On peut penser qu’Abdur-Razzaq ne connaissait pas beaucoup de grandes villes, et donc il a été presque vaincu quand il a vu Vijayanagar. Notre prochain visiteur, cependant, était un homme bien voyagé. Il était Paes, le Portugais, et il est venu en 1522, à peu près à l’époque où la Renaissance influençait l’Italie et où de beaux bâtiments s’élevaient dans les villes italiennes. Paes connaissait apparemment ces villes italiennes, et son témoignage est donc très précieux. La ville de Vijayanagar, dit-il, est aussi « grande que Rome et très belle à voir ». Il décrit longuement les merveilles de la ville et les charmes de ses innombrables lacs, cours d’eau et jardins fruitiers. C’est, dit-il, «la ville la mieux fournie du monde … car l’état de la ville n’est pas comme celui des autres villes, qui manquent souvent de fournitures et de provisions, car en cela tout abonde». L’une des pièces qu’il a vues dans le palais était «entièrement en ivoire, ainsi que la chambre et les murs de haut en bas, et les piliers des traverses en haut avaient des roses et des fleurs de lotus tout en ivoire, et tout bien exécuté, de sorte qu’il ne pourrait pas y avoir mieux – il est si riche et si beau que vous en trouverez à peine ailleurs.  »

 

Paes décrit également le dirigeant de Vijayanagar au moment de sa visite.

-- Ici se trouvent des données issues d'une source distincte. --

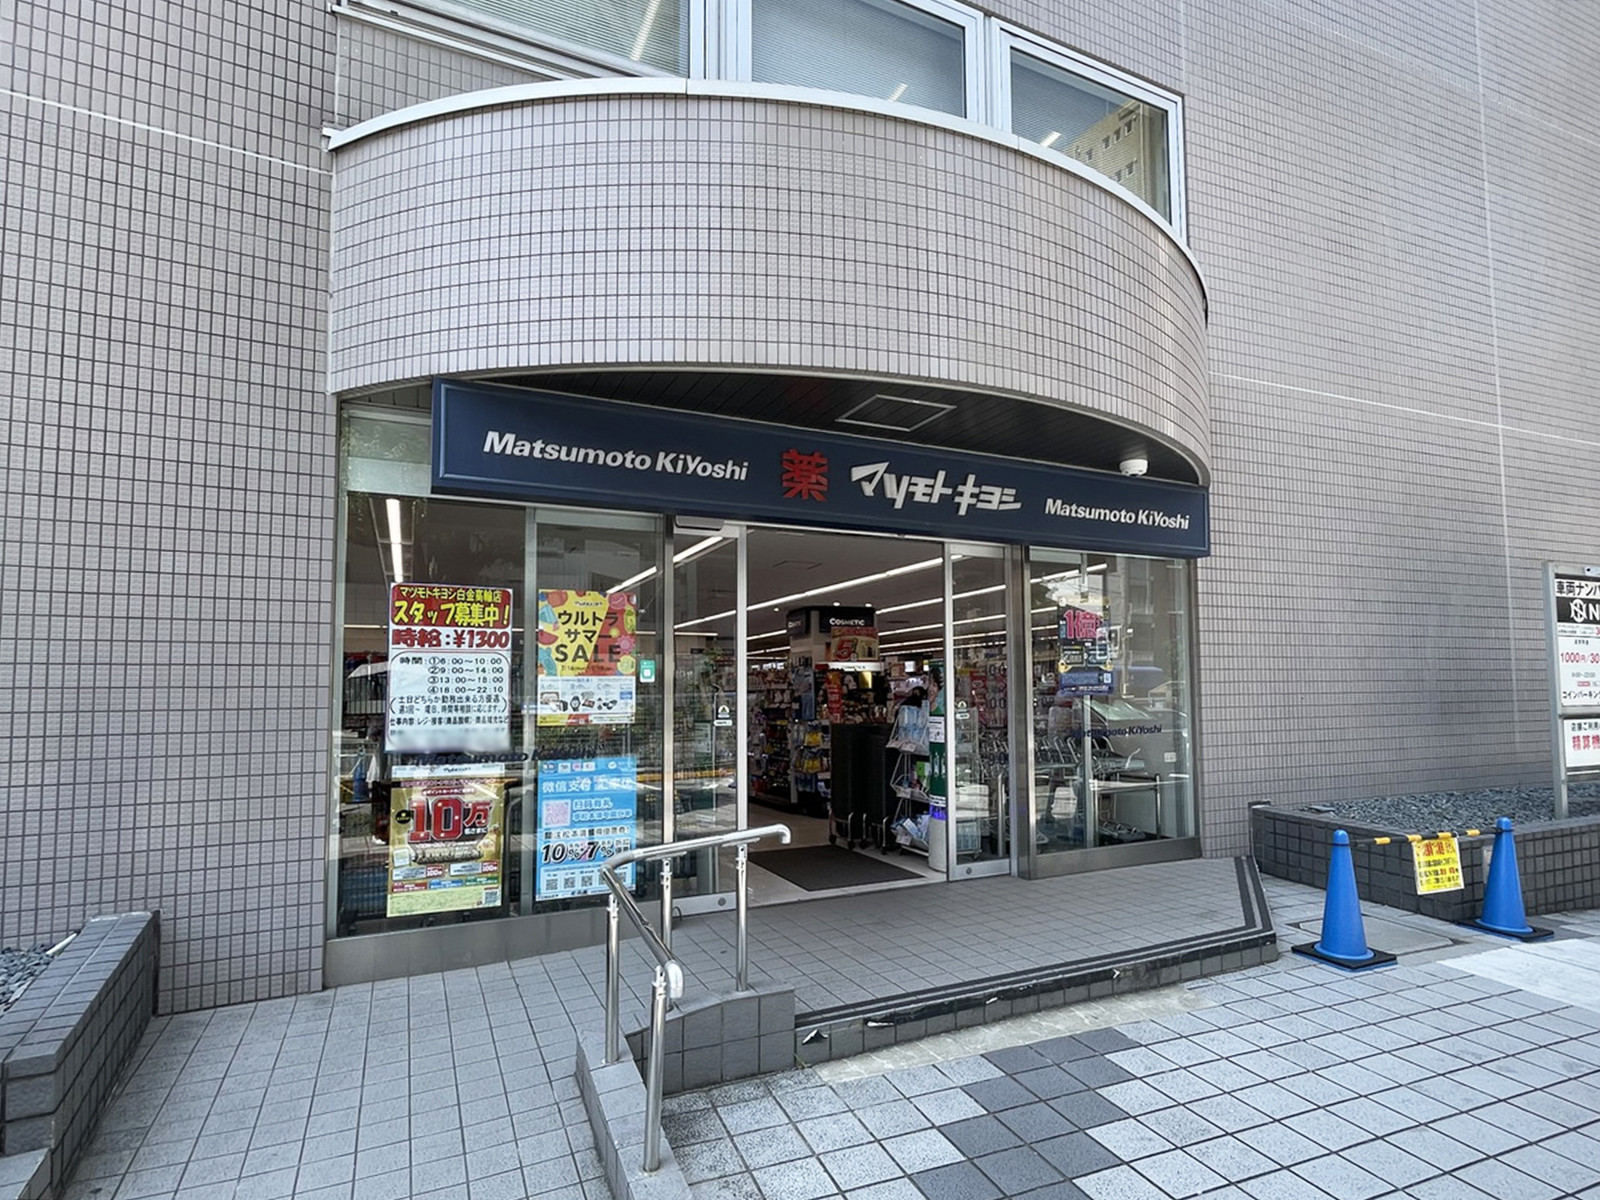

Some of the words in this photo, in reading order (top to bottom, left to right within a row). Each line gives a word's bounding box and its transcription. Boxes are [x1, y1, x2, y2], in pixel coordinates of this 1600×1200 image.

Il était l’un des grands dirigeants de l’histoire du sud de l’Inde, et sa réputation de grand guerrier et de chevaleresque envers ses ennemis, de mécène de la littérature et de roi populaire et généreux survit encore dans le sud. Son nom était Krishna Deva Raya. Il a régné pendant vingt ans, de 1509 à 1529. Paes raconte sa taille et sa silhouette et même son teint, qu’il dit être clair.  » Il est le roi le plus redouté et le plus parfait qui puisse être, gai de caractère et très joyeux ; il est celui qui cherche à honorer les étrangers, et les reçoit avec bonté, s’interrogeant sur toutes leurs affaires quelle que soit leur condition. « Donnant les nombreux titres du roi, Paes ajoute : » Mais il semble qu’il n’a en fait rien comparé à ce qu’un homme comme lui aurait dû l’être, il est si galant et parfait en toutes choses.  »

 

Un grand éloge en effet L’Empire de Vijayanagar se répandit à cette époque sur tout le sud et la côte est. Il comprenait Mysore, Travancore et l’ensemble de l’actuelle présidence de Madras.        259

 

Une autre chose que je pourrais mentionner. De grands travaux d’irrigation ont été érigés vers 1400 A.C.pour apporter une bonne eau à la ville. Une rivière entière a été endiguée et un grand réservoir a été construit. De là, l’eau est allée à la ville dans un aqueduc, long de 15 miles, souvent découpé dans la roche solide.

 

Tel était Vijayanagar. Il était fier de sa richesse et de sa beauté et trop confiant dans sa force. Personne ne pensait que la fin de la ville et de l’empire était proche. Quarante-trois ans seulement après la visite de Paes, le danger surgit soudainement. Les autres États du Dekhan, jaloux de Vijayanagar, formèrent une ligue contre lui et décidèrent de le détruire. Même alors, Vijayanagar se sentait incroyablement confiant. La fin est venue bientôt, et c’était terrible dans son intégralité.

 

Comme je te l’ai dit, Vijayanagar fut vaincu par cette ligue d’États en 1565. Il y eut un massacre terrible, et le sac de la grande ville suivit peu après. Tous les beaux bâtiments et temples et palais ont été détruits. Les sculptures et sculptures exquises ont été brisées et d’énormes feux de joie ont été allumés pour brûler tout ce qui pouvait être brûlé. La destruction a continué jusqu’à ce qu’il ne reste plus qu’un tas de ruines. « Jamais, » dit un historien anglais, « jamais peut-être dans l’histoire du monde un tel ravage n’a-t-il été fait, et fait si soudainement, sur une ville si splendide, grouillant un jour d’une population riche et industrieuse dans toute la plénitude de la prospérité, et sur le suivant saisi, pillé et réduit en ruines, au milieu de scènes de massacre sauvage et d’horreurs mendiant description.  »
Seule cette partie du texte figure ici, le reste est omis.